■ Aim of the exercise ■
Nothing but the images should be left out when the entries are restated word for word.
··········
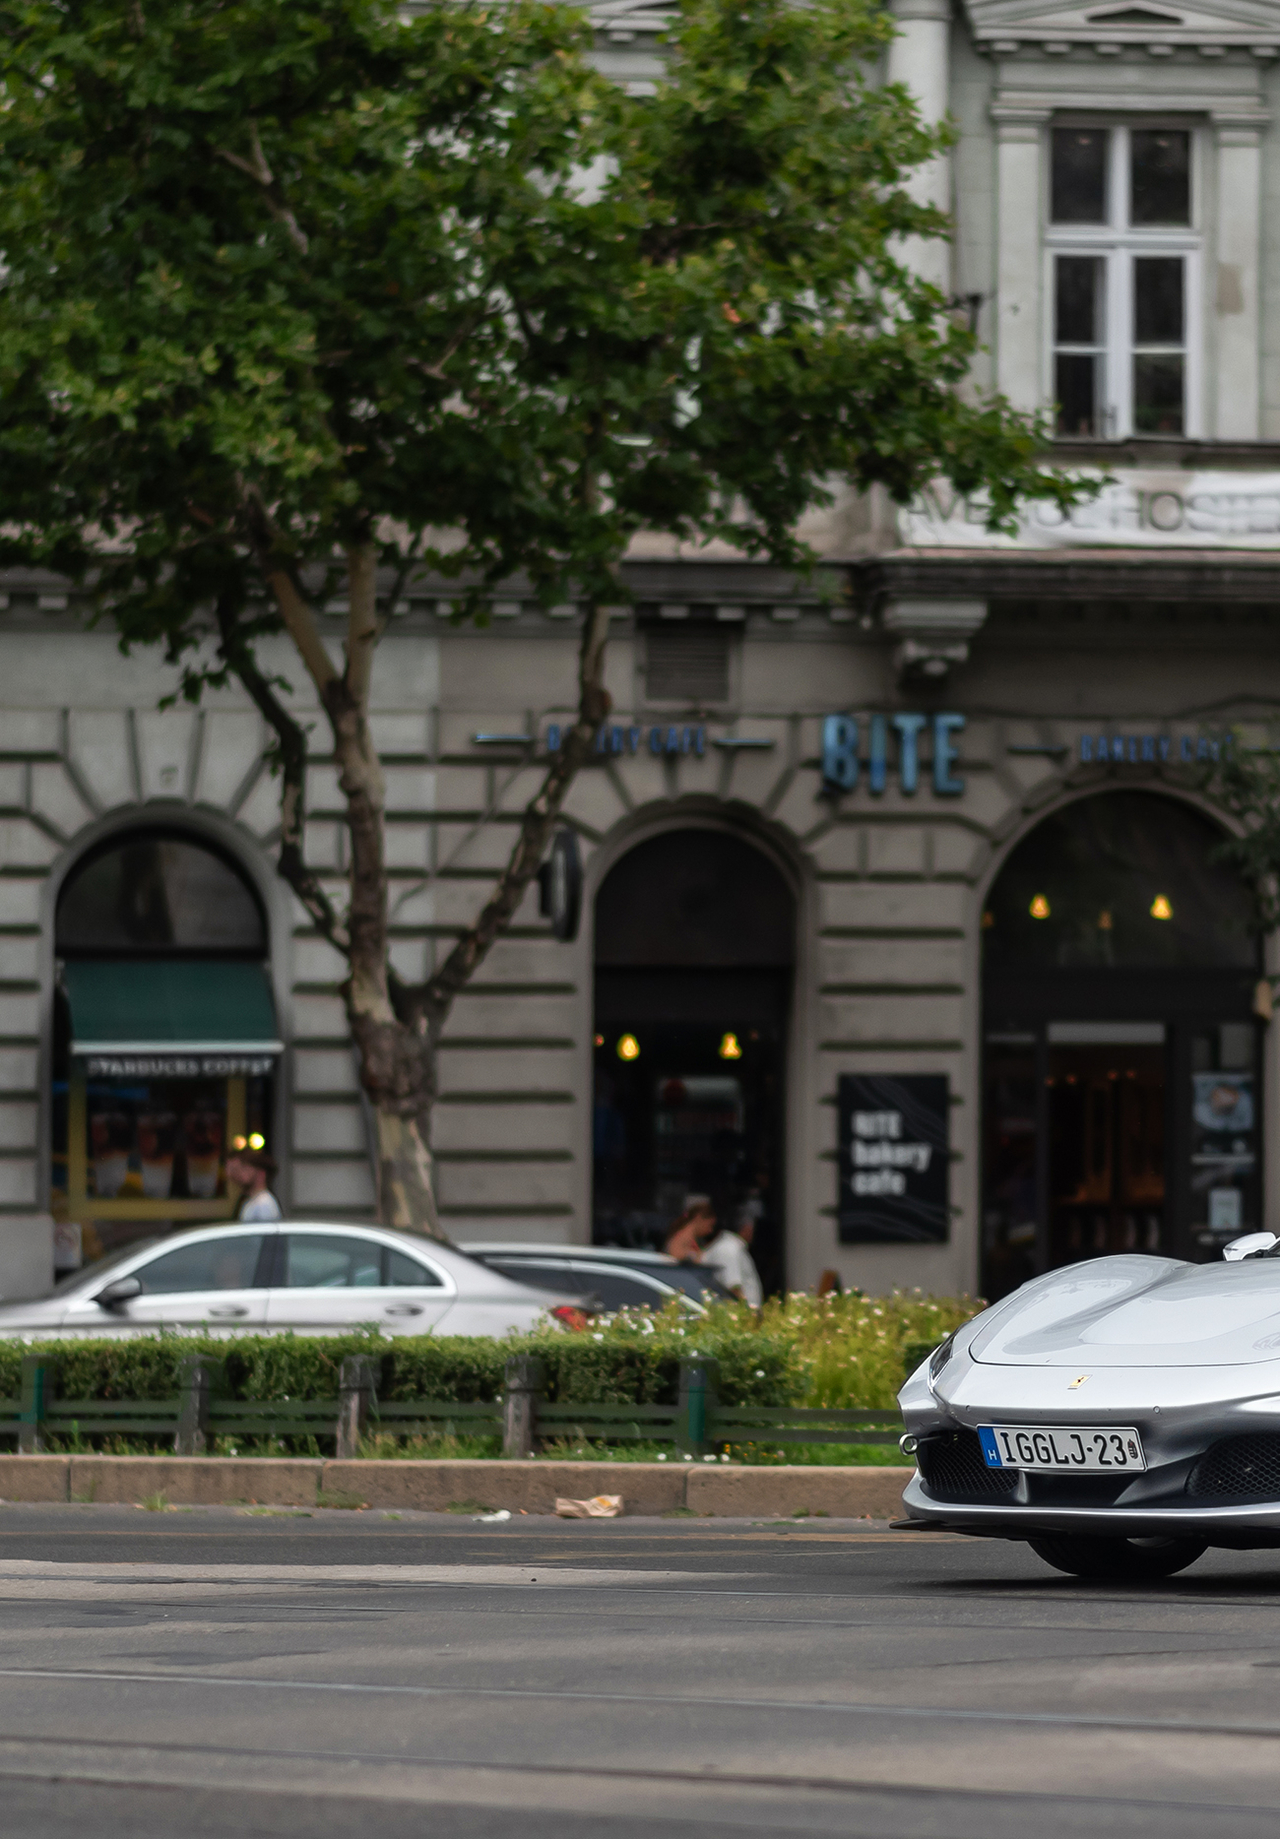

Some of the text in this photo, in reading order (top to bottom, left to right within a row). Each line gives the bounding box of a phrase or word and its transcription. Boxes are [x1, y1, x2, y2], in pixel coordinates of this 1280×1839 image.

[821, 712, 967, 799] BITE
[1080, 734, 1171, 763] BAKERY
[988, 1450, 998, 1460] H
[1000, 1432, 1128, 1466] IGGLJ-23
··········
■ Answer to this problem ■
Some of the text in this photo, in reading order (top to bottom, left to right within a row). Each line gives the bounding box of a phrase or word and its transcription. Boxes are [x1, y1, x2, y2], in pixel coordinates of this 1280×1839 image.

[821, 712, 967, 799] BITE
[1080, 734, 1171, 763] BAKERY
[988, 1450, 998, 1460] H
[1000, 1432, 1128, 1466] IGGLJ-23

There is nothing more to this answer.